§ **Material provided**:

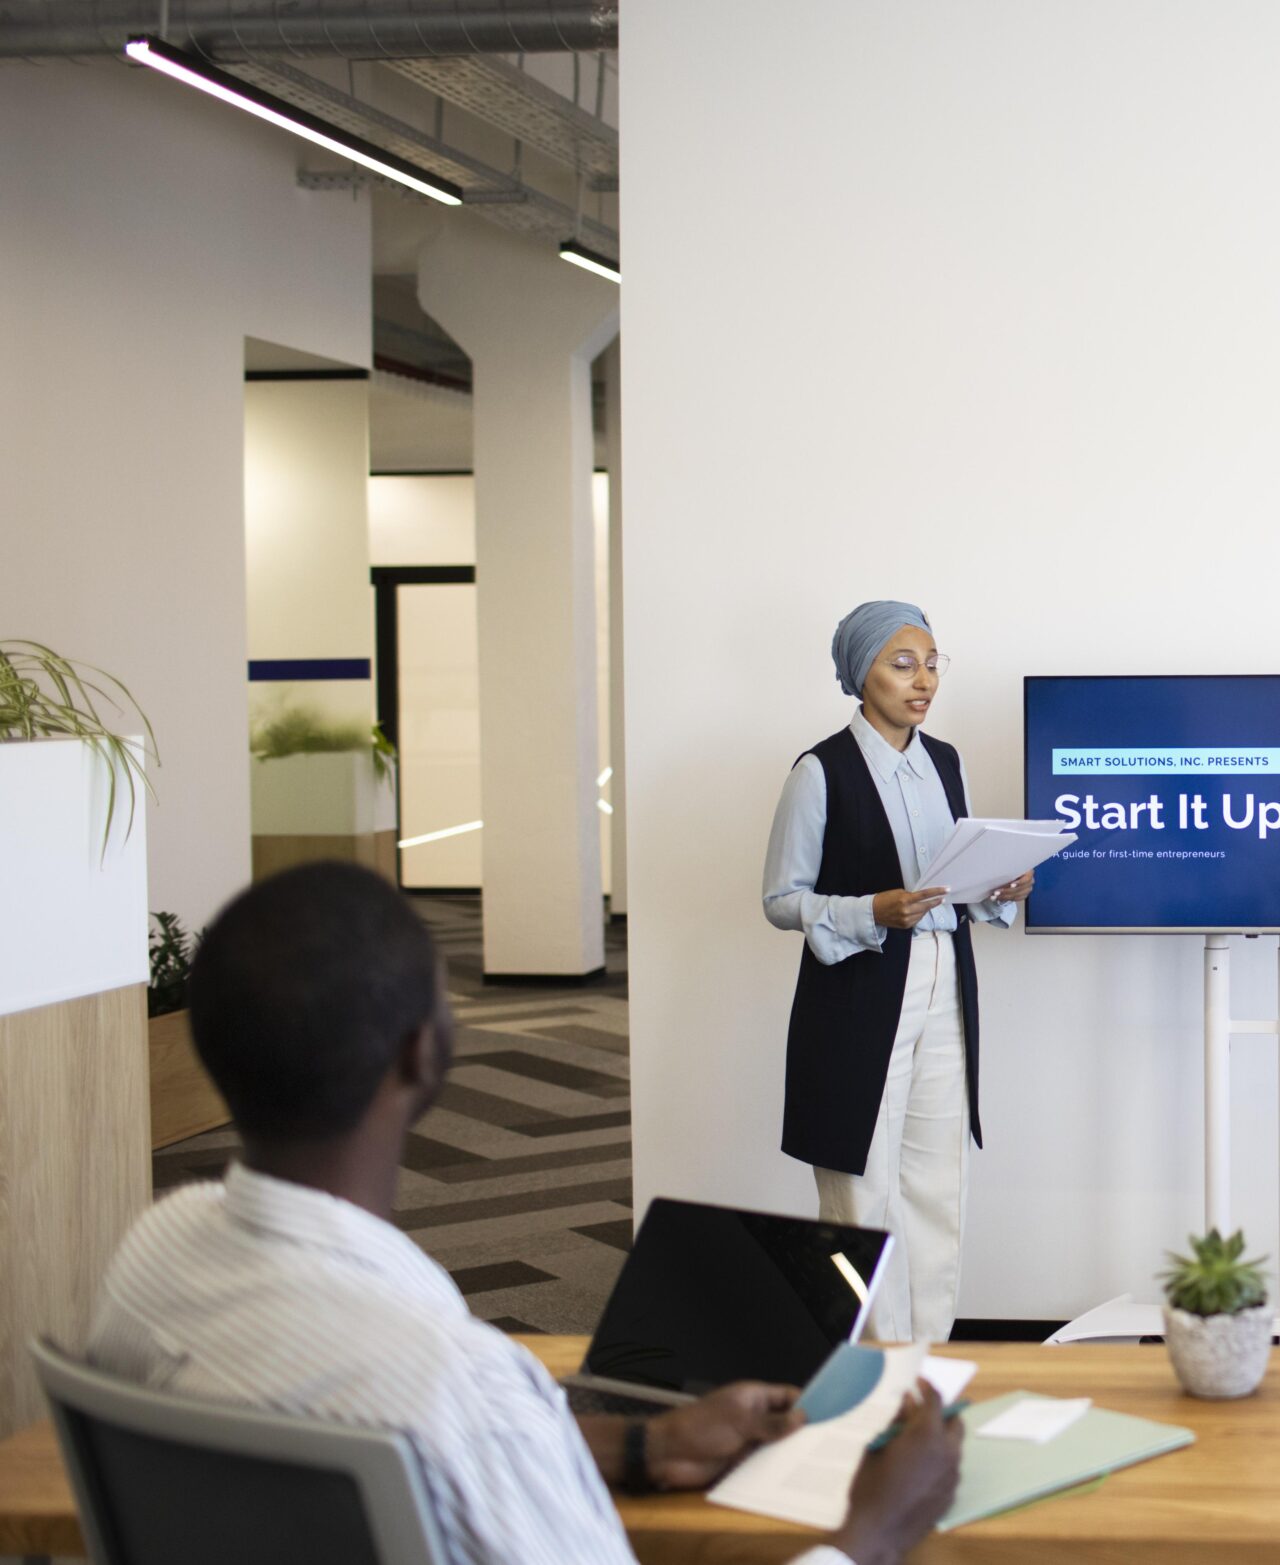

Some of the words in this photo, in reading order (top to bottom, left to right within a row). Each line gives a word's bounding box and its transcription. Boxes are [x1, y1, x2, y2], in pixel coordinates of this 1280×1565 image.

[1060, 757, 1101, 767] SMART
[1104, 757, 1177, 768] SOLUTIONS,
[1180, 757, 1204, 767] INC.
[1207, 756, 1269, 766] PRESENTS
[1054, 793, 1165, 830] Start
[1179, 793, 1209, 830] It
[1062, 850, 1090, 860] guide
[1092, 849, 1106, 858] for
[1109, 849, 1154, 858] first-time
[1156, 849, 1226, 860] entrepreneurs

§ **What you need to do**: An exact copy of all the entries above is required, with every picture left out.

§ **Output**:
Some of the words in this photo, in reading order (top to bottom, left to right within a row). Each line gives a word's bounding box and its transcription. Boxes are [x1, y1, x2, y2], in pixel coordinates of this 1280×1565 image.

[1060, 757, 1101, 767] SMART
[1104, 757, 1177, 768] SOLUTIONS,
[1180, 757, 1204, 767] INC.
[1207, 756, 1269, 766] PRESENTS
[1054, 793, 1165, 830] Start
[1179, 793, 1209, 830] It
[1062, 850, 1090, 860] guide
[1092, 849, 1106, 858] for
[1109, 849, 1154, 858] first-time
[1156, 849, 1226, 860] entrepreneurs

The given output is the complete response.